La nostalgia: un sentimiento positivo
“La nostalgia no necesariamente implica tristeza; es extrañar algo y, al mismo tiempo, recordar momentos agradables”, explica Gabriel Gutiérrez Ospina, investigador del Departamento de Biología Celular y Fisiología del Instituto de Investigaciones Biomédicas de la UNAM y académico de la Facultad de Psicología.
Según Gutiérrez Ospina, aunque las familias pueden ser disfuncionales en el día a día, en Navidad “todo el mundo tiene una vocación de cuidado por el otro”, que se manifiesta en la comida, los regalos y los gestos considerados. Esta atmósfera genera un ambiente de felicidad y “apapacho”, un sentimiento de bienestar que todos desearían que durara todo el año.

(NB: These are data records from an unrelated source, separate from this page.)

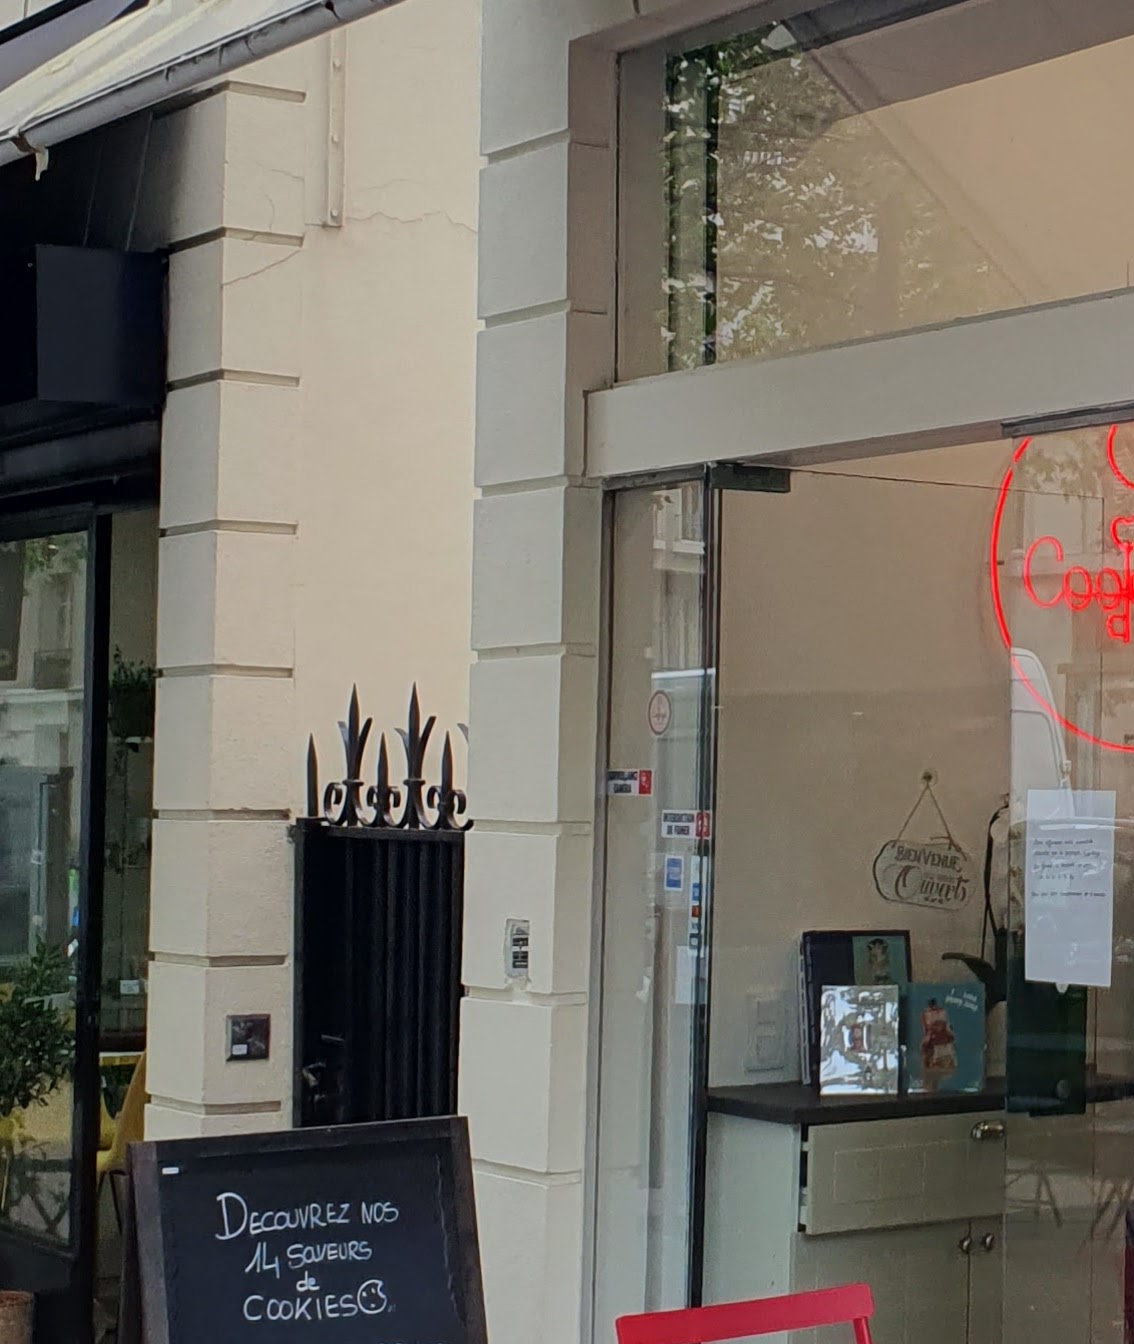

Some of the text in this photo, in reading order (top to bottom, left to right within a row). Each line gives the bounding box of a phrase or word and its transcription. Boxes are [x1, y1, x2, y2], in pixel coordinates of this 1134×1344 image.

[215, 1192, 400, 1241] DECOUVREZ NOS
[244, 1241, 281, 1279] 14
[295, 1270, 320, 1292] de
[243, 1294, 359, 1322] COOKIES
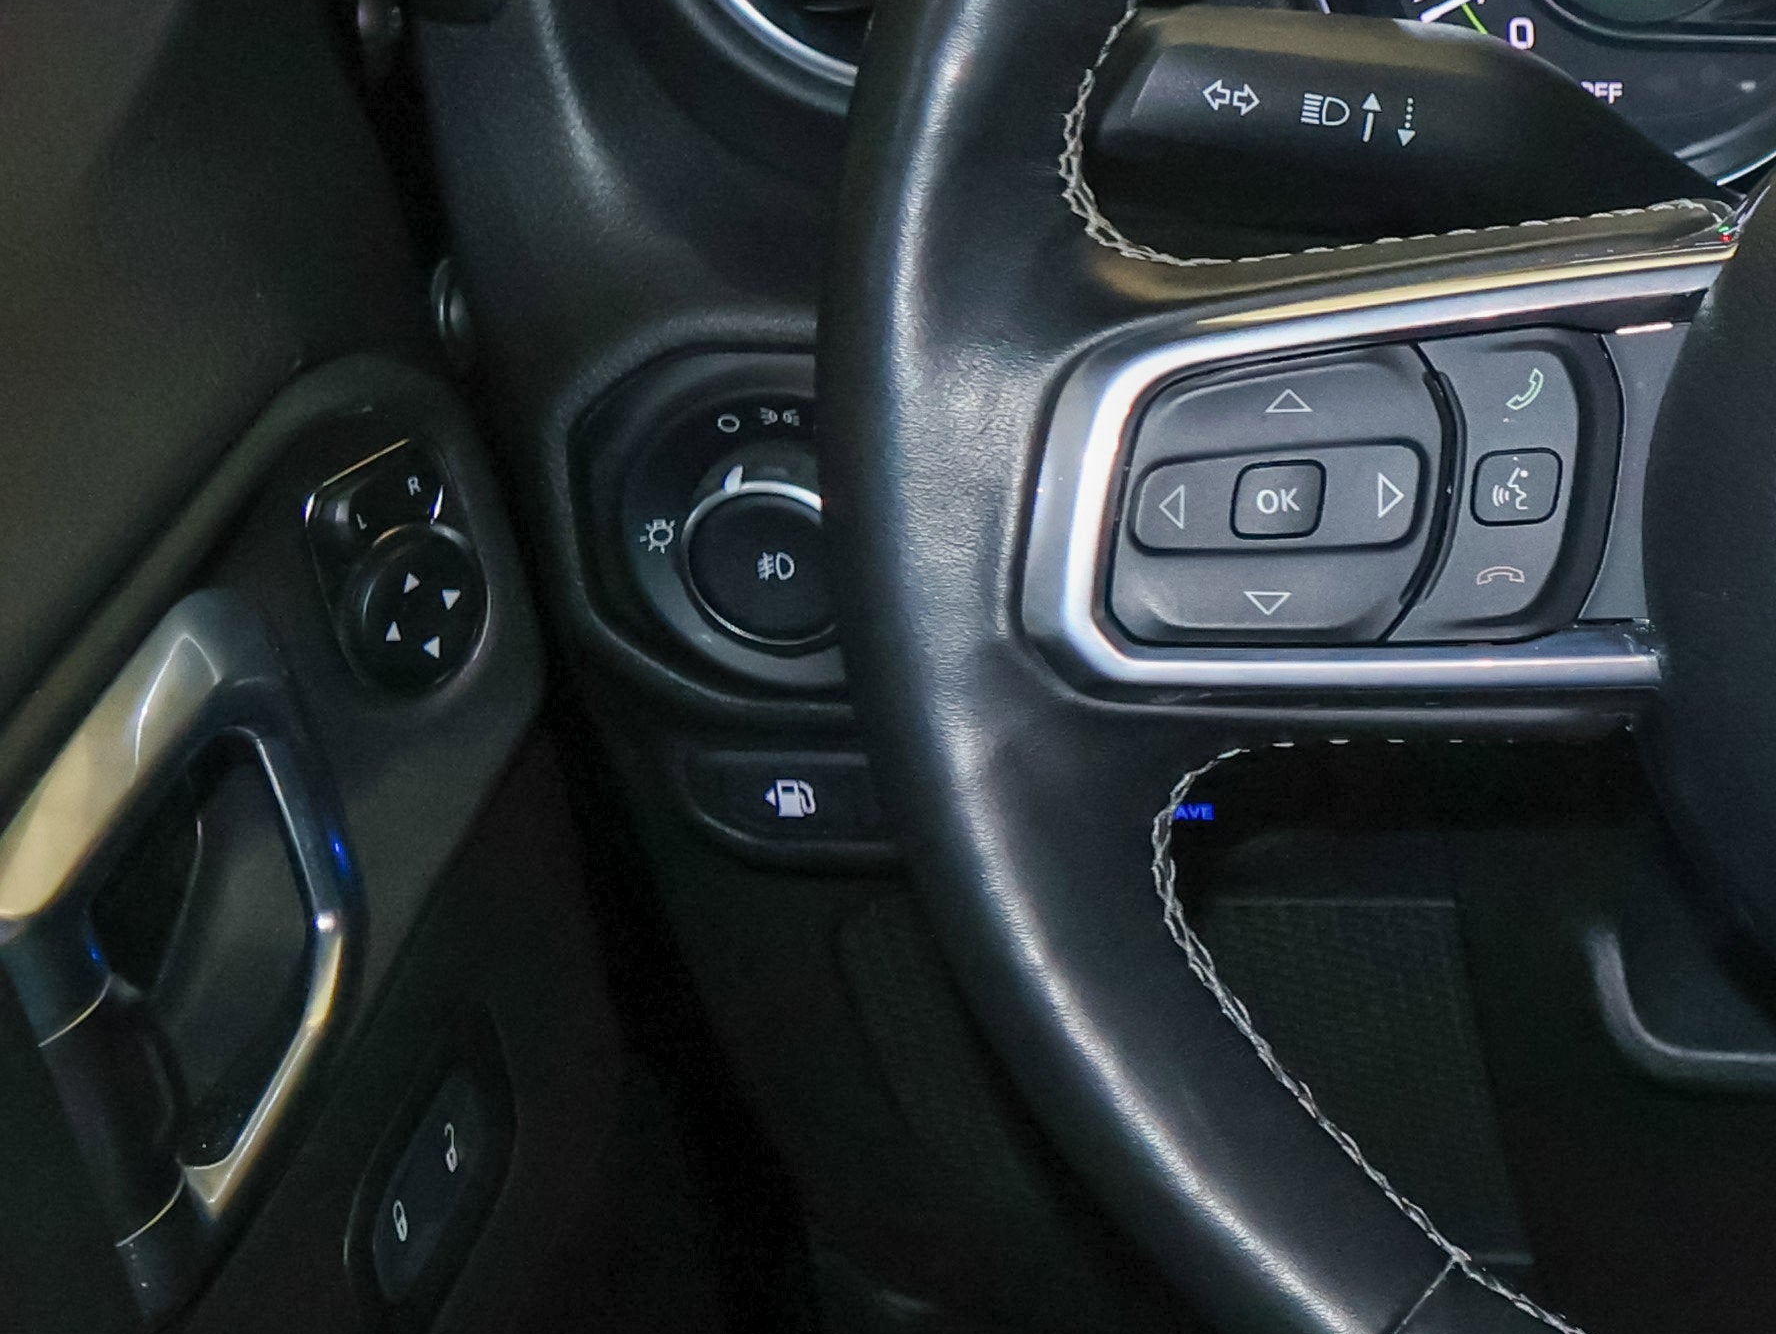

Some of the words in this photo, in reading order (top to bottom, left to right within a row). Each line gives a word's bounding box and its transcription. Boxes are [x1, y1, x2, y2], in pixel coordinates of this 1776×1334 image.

[1509, 18, 1534, 50] 0
[407, 475, 421, 496] R
[1255, 488, 1301, 514] OK
[356, 513, 367, 530] L
[1173, 803, 1215, 821] AVE

La biología de la felicidad navideña
Durante la Navidad, el organismo responde físicamente a los estímulos familiares y festivos. Recibir regalos genera expectativa y gozo, especialmente en los niños. Este “estrés bueno” se traduce en liberación de hormonas como la oxitocina y la dopamina, que proporcionan felicidad y reducen la inflamación. Al mismo tiempo, disminuye el cortisol, hormona asociada al estrés, permitiendo un estado fisiológico más equilibrado.
El cerebro también participa activamente. Los estímulos visuales como el árbol de Navidad, las luces y los regalos activan los ganglios basales, la corteza prefrontal, el hipocampo, la amígdala y la corteza entorrinal, generando recuerdos agradables y bienestar transitorio. Estos estímulos pueden provocar respuestas físicas como aceleración del corazón, aumento de la respiración, sudoración y tensión muscular.

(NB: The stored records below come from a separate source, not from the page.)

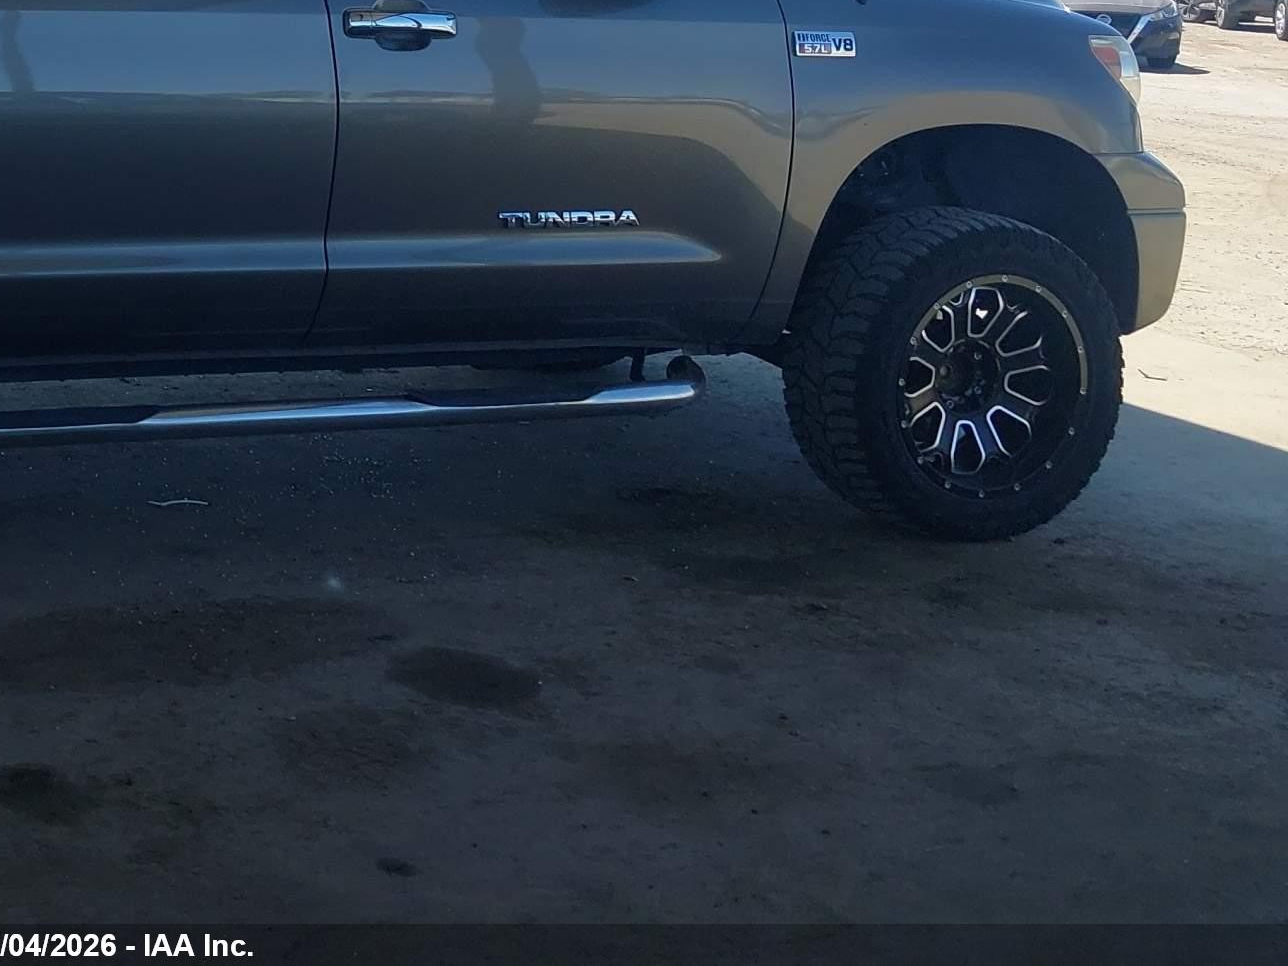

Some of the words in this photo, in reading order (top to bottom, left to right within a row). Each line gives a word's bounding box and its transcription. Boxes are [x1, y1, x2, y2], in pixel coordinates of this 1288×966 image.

[804, 43, 829, 53] 5.7L
[832, 38, 854, 51] V8
[499, 210, 640, 227] TUNDRA
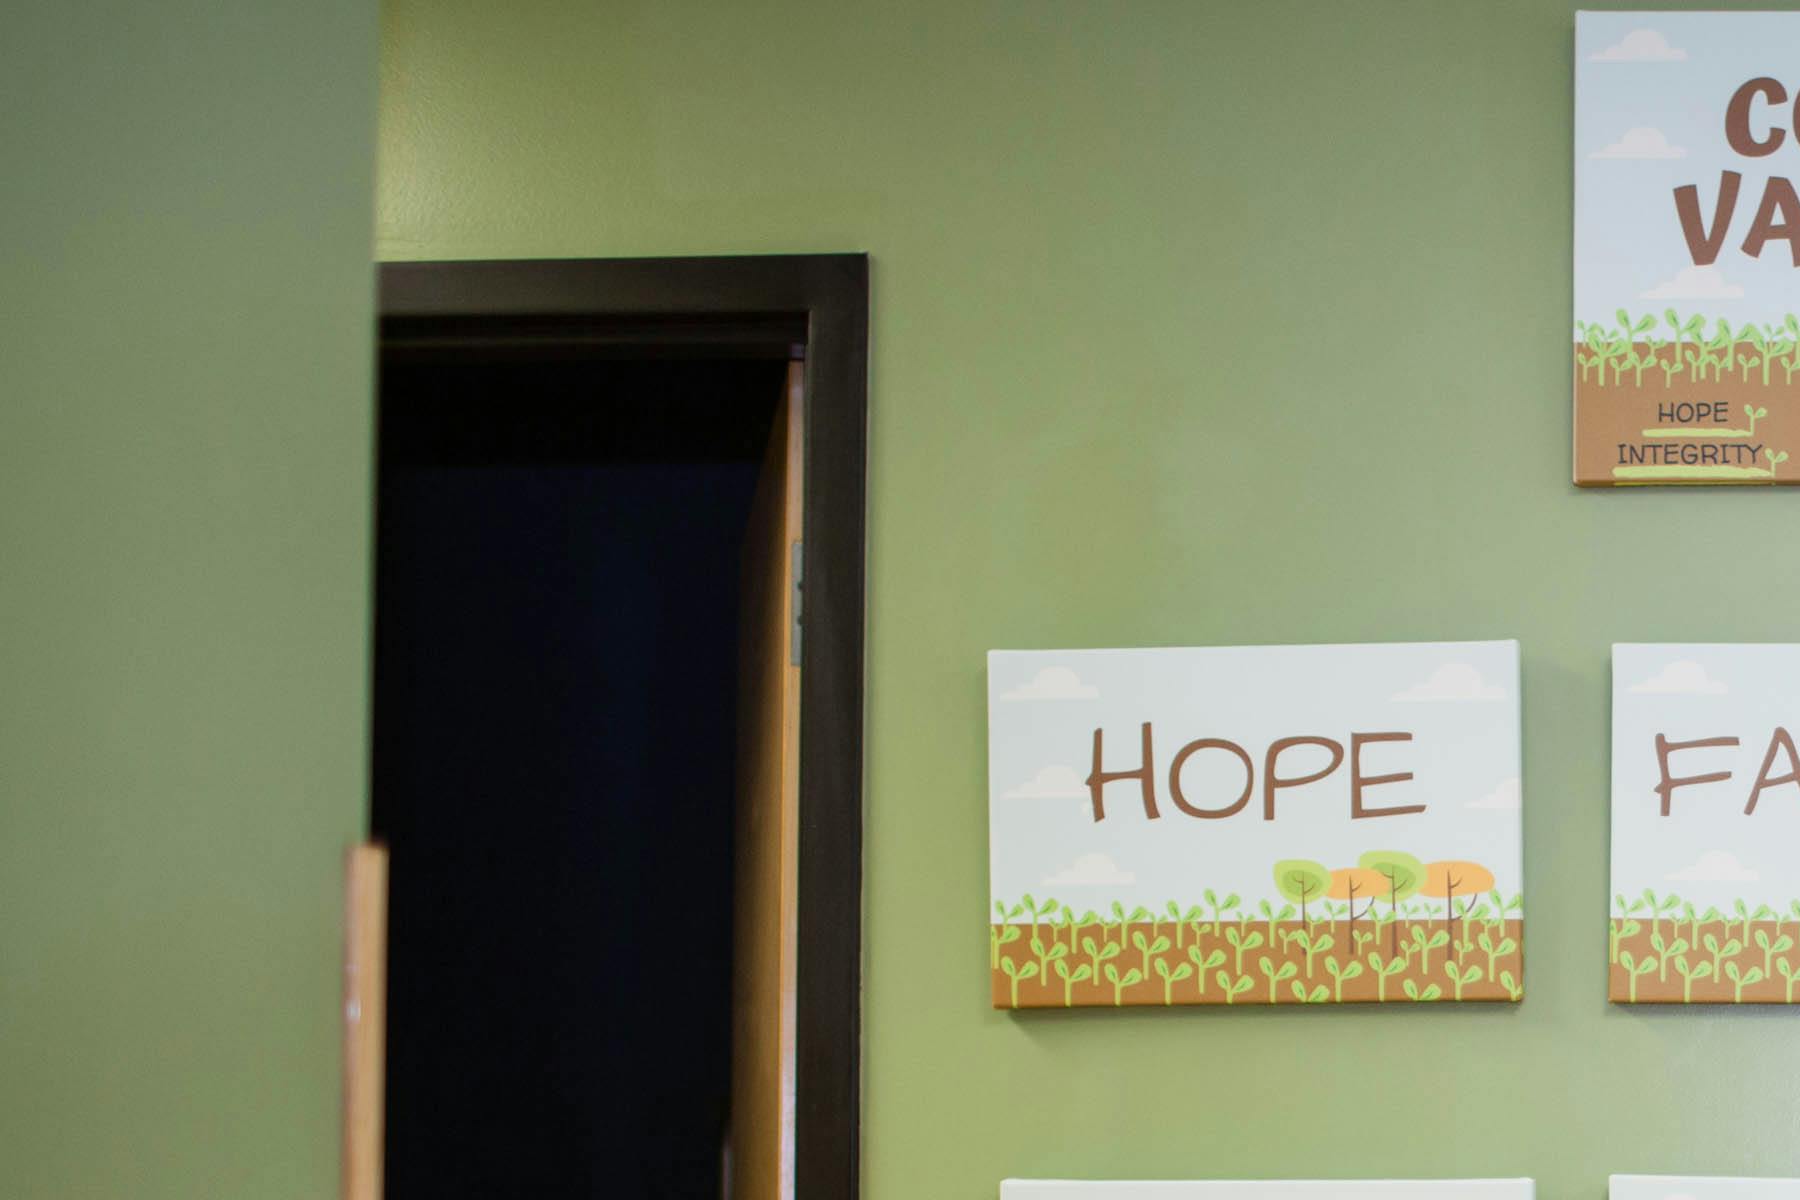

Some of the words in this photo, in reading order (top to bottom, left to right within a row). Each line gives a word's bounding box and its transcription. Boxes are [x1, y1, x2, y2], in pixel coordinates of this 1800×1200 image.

[1657, 401, 1729, 424] HOPE
[1617, 443, 1763, 465] INTEGRITY
[1084, 721, 1427, 823] HOPE

Diferencias entre infancia y adultez
La percepción de la Navidad cambia con la edad. “De niños nos hacen creer en cosas extraordinarias, que todo es maravilloso”, comenta el investigador. La magia de Santa Claus, los Reyes Magos y los regalos crea emociones intensas y memorias duraderas.
En contraste, los adultos pueden experimentar estrés por la organización: buscar regalos específicos, lidiar con multitudes o estacionamientos complicados. Sin embargo, también disfrutan de un ambiente más relajado y de las interacciones familiares sin la presión de la fantasía infantil.
Más allá de la Navidad
Gutiérrez Ospina señala que otras celebraciones como cumpleaños, eventos deportivos, Día de la Independencia o Día de Muertos pueden generar efectos emocionales similares. Estas fechas forman parte de una simbología social que permite a las personas modificar temporalmente su rutina y experimentar bienestar emocional.
La Navidad no es solo una festividad; es un fenómeno emocional y biológico. Las memorias afectivas, los vínculos familiares y las respuestas cerebrales se combinan para crear un sentimiento de felicidad y nostalgia que fortalece los lazos y genera recuerdos que perduran más allá de la temporada.